Well, not exactly great. Spread over three groups of ten students each, they were picked up in Poland by Wawoe and his companions. Most of them were in the last year of their studies at the Psychology department of the Taras Shevchenko National University in Kyiv when the war started. Wawoe offered them the possibility to finish their studies at VU Amsterdam, which they gladly accepted.
Not everyone was as eager to leave. Nataliia Osadcha (21) for instance, would have preferred to stay and volunteer making masking grids for tents – which she did the first two weeks after Ukraine was invaded. Her father however, feared for her safety and one morning basically forced her to flee together with her step mom and her step mom’s daughter.
It’s quite opposite from the experience Olha Shevchenko (21) had.
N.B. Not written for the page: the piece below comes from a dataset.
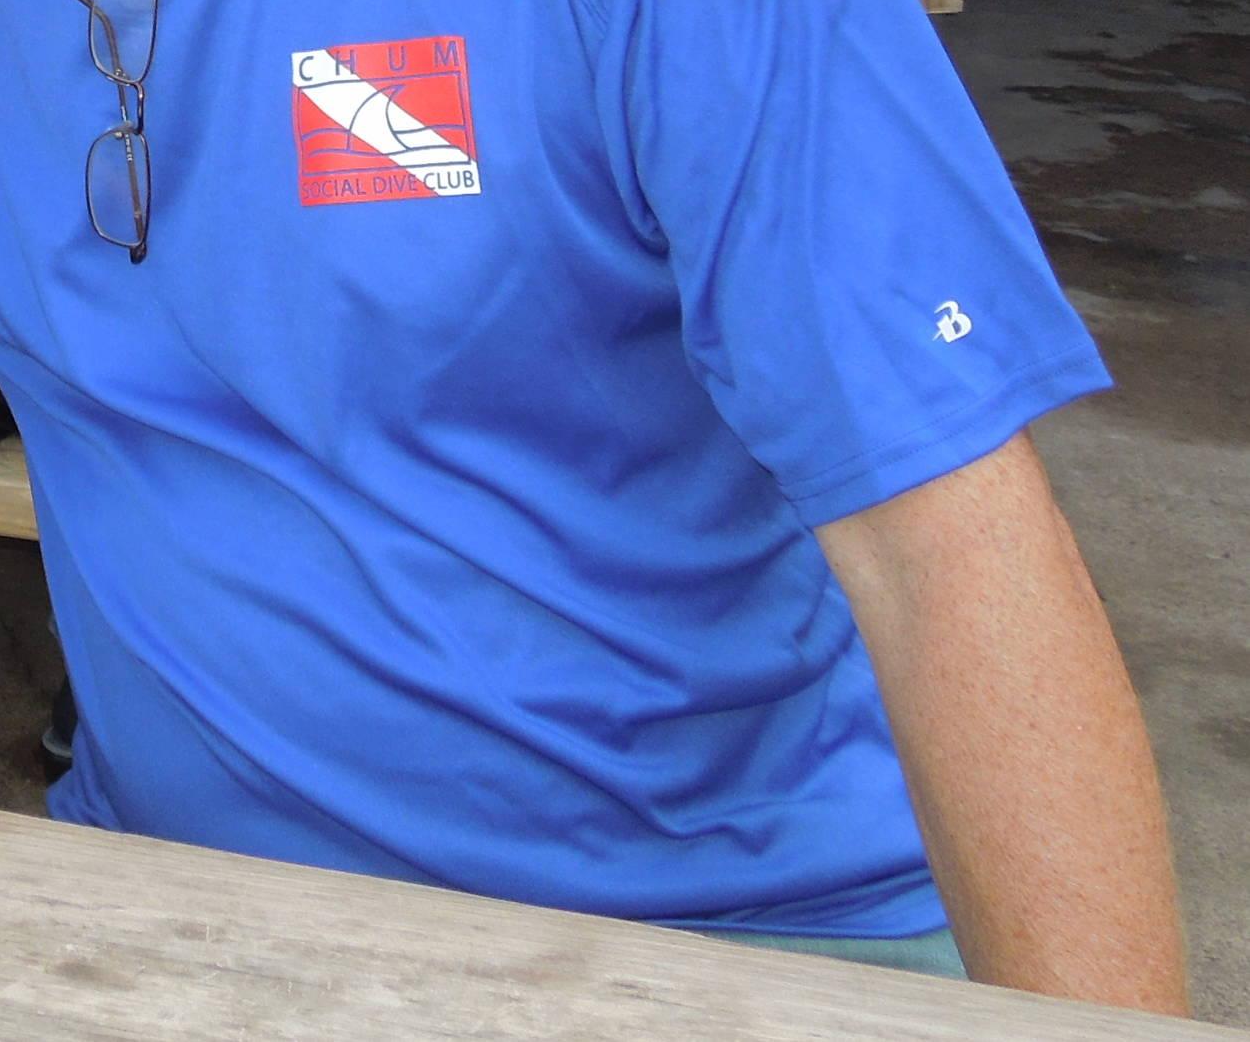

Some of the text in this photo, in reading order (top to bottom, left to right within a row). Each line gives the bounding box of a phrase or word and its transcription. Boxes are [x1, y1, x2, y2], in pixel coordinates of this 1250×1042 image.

[299, 41, 460, 81] CHUM
[301, 170, 475, 200] SOCIAL DIVE CLUB
She desperately wanted to flee Ukraine, hoping to convince her mother and little sister to do the same. But her “very patriotic” mother didn’t want to leave her home country behind. Shevchenko feared judgment from her friends who had always been politically active and had stayed to fight for their country. But after not having slept for days on end the friend she was staying with convinced her to take the leap.
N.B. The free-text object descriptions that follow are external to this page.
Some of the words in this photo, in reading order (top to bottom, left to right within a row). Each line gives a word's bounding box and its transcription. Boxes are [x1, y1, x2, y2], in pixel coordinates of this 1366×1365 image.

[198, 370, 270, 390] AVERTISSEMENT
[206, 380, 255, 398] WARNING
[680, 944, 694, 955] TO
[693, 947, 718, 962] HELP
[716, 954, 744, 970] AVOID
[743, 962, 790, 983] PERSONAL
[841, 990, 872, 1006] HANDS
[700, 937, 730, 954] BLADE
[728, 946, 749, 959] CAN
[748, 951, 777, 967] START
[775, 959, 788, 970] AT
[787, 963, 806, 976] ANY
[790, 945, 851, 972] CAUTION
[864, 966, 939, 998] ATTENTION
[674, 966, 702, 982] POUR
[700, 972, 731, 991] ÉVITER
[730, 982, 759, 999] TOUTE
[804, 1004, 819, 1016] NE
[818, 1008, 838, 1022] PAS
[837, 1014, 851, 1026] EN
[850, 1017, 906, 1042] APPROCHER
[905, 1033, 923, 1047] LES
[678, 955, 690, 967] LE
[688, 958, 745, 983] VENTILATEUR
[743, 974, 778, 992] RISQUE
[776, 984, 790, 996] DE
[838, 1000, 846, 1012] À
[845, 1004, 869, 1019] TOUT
The first month Shevchenko was in Amsterdam, she hardly left the basement of the office building where she and the rest of the students were put up. “I’d always been socially active, but it’s like that part of me has been switched off. I’m not capable of enjoying my time in Amsterdam yet. I would like to get into contact with others, but reaching that point is not my priority. In therapy, I’m mostly focusing on how I can relieve some of the stress I’m experiencing. My body is safe, but my brain is working overtime.” Now that Shevchenko is staying in the Student Hotel where all the students have their own room with bathroom, she’s doing a lot better. “I love my personal space and having my own routine.”
Anna Hurina (21) on the other hand, would prefer moving in with a host family. She came to Amsterdam in the second group of students and stays with them spread across two apartments. “It would be a good way to learn Dutch, get to know the culture and experience what day to day life looks like here. At university I have little contact with Dutch students, most of the English spoken courses have international students.”
Making new friends is not high on any of the Ukrainian students’ lists. They find support in each other when needed, but also like to keep to themselves. And maintaining their friendships with people back home has proven to be a task on its own for some. Osadcha for instance, has many Russian friends. She recalls the moment she stopped talking to one of them. “He denied that civilians were being killed and told me I wouldn’t have to worry about Ukraine because we would be a part of Russia soon anyway.” Her best friend – also Russian – called with Osadcha during the hours she spent with her dog hiding from bombs in her bathroom. “I don’t want to lose him, so we avoid certain political topics.”
Back to Ukraine asap
Although Hurina is looking for ways to settle into Amsterdam life, she wants to go back to Ukraine as soon as possible. “But even if the war were to end soon, rebuilding the country will take a long time. Here, I can work on a better future and hopefully get a job to support my family back home.” Osadcha shares the same sentiment. She is pleasantly surprised by how nice everyone in Holland has been to them (Wawoe had warned them the Dutch can be quite distant), “but I dream of my country. My heart lies back in Ukraine.” “It’s ironic”, Shevchenko say, “During my study program I was specializing in the field of social work with refugees and immigrants. Now I’m one myself. But I think now that I’ve gone through this experience, it will only make me better suitable to help others. Our work will be much needed after the war.”